Another spate of aircraft orders by Middle Eastern carriers has revived the debate over whether their relentless expansion can continue.

Arab carriers committed to more than 200 additional aircraft at the Paris air show in late June. Qatar Airways accounted for 83 of these, including 80 Airbus A350 XWBs and three more A380s, and also revealed a few weeks later at the Boeing 787 roll out in Seattle an order for 30 787s. Qatar requires more aircraft to continue its torrid ascent - the carrier last year rose from 83 to 50 in the Airline Business top 150 world airline ranking and now generates about $2 billion in revenues per year.

Emirates at Paris lifted its commitment to the A380 by eight to a massive 55, giving it the capacity to continue expanding at a 20% or more clip per annum. The carrier is on pace to become at the end of this year the 14th carrier in the world to hit the $10 billion annual revenue threshold.

Etihad, which is now growing at a 200% rate per year and plans to generate $1.3 billion in revenues this year, ordered 12 widebodies and plans to add narrowbodies later this year. Kuwait lessor Aviation Lease and Finance Company ordered seven A320s, 12 A350s and 12 787s. Kuwait Airways has committed to leasing the seven A320s and 12 787s to support its expansion programme.

Two of the Middle East's fledgling low-cost carriers, Kuwait's Jazeera Airways and Saudi Arabia's NAS Air, signed for 30 and 20 A320s, respectively. Two Libyan carriers also made a surprise appearance at Paris with government-owned Libyan Airlines committing to 15 aircraft and privately owned Afriqyah signing for 11 Airbuses.

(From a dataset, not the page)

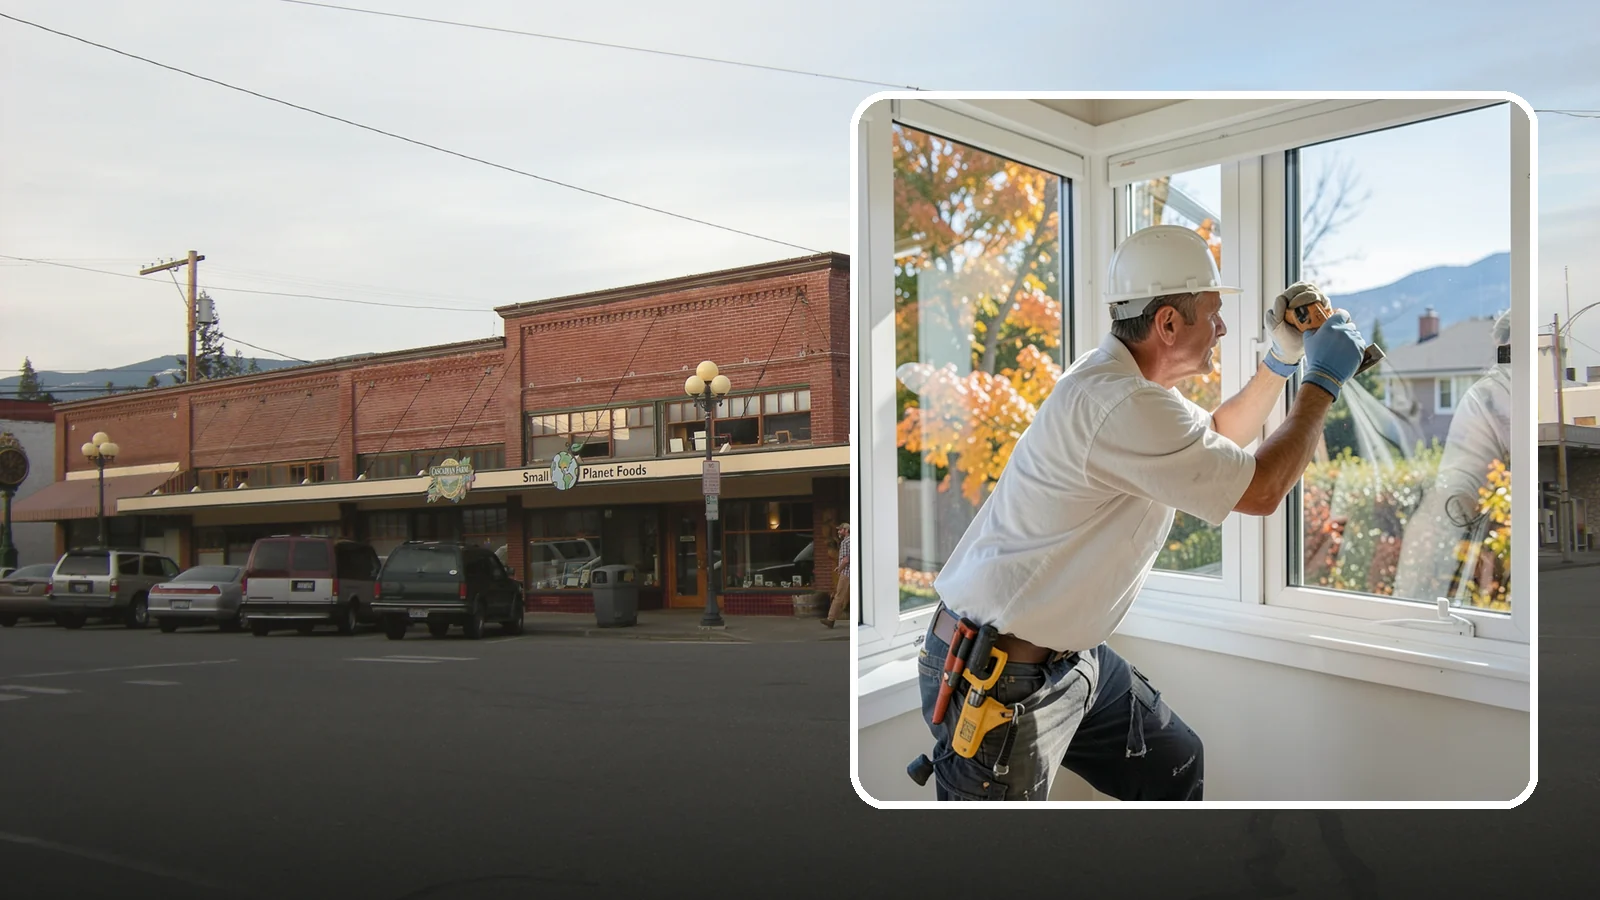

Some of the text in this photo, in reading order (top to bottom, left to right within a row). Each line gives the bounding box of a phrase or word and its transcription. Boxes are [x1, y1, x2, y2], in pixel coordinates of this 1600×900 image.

[523, 464, 647, 482] Small Planet Foods

All the orders, coupled with massive orders revealed during major air shows over the last three years, will allow the region's major carriers to continue growing at the 22% rate they chalked up for 2006. But carriers are increasingly being criticised, in particular from their competitors in Europe and the Asia-Pacific, for overly ambitious expansion plans.

"The amount of airplanes ordered by Middle East airlines is certainly making our heads scratch and everyone else in the industry's heads scratch," says Boeing Capital managing director capital markets development Kostya Zolotusky. "Something will have to give."

According to the Association of European Airlines: "The sheer volume they have on order is a concern to us."

But Arab Air Carriers Organisation secretary general Abdul Wahab Teffaha argues the growth is sustainable: "I don't think they're speculating in placing large orders of airplanes. I don't see over-capacity in the next 10 years."

The Centre for Pacific Aviation has just completed a report on the region that also concludes the growth is sustainable. "Our conclusion is much of it is going to be sustainable because we're in a pivotal time of change for various reasons," says CAPA chair Peter Harbison.

He explains Middle Eastern carriers have a big advantage over airlines from other regions because their hubs offer one-stop connections "from everywhere in the world to everywhere in the world". Unlike their European competitors, Middle Eastern carriers also have the freedom to expand their hubs and open new airports.

"[Global] traffic will grow no matter what. The question is can [Middle East carriers] provide capacity for that growth and can they switch [the world's largest] hubs from Europe and Asia to the Middle East?" asks Teffaha.

He adds the local market also has big growth potential because tourism in the region is soaring and migrant worker and religious pilgrimage travel is increasing. Load factors on regional flights are already 100% during peak periods. "With liberalisation of the Arab market there'll be other growth engines into the region," Teffaha says.

Zolotusky, however, questions: "They're counting on taking other markets' traffic. Is that sustainable?"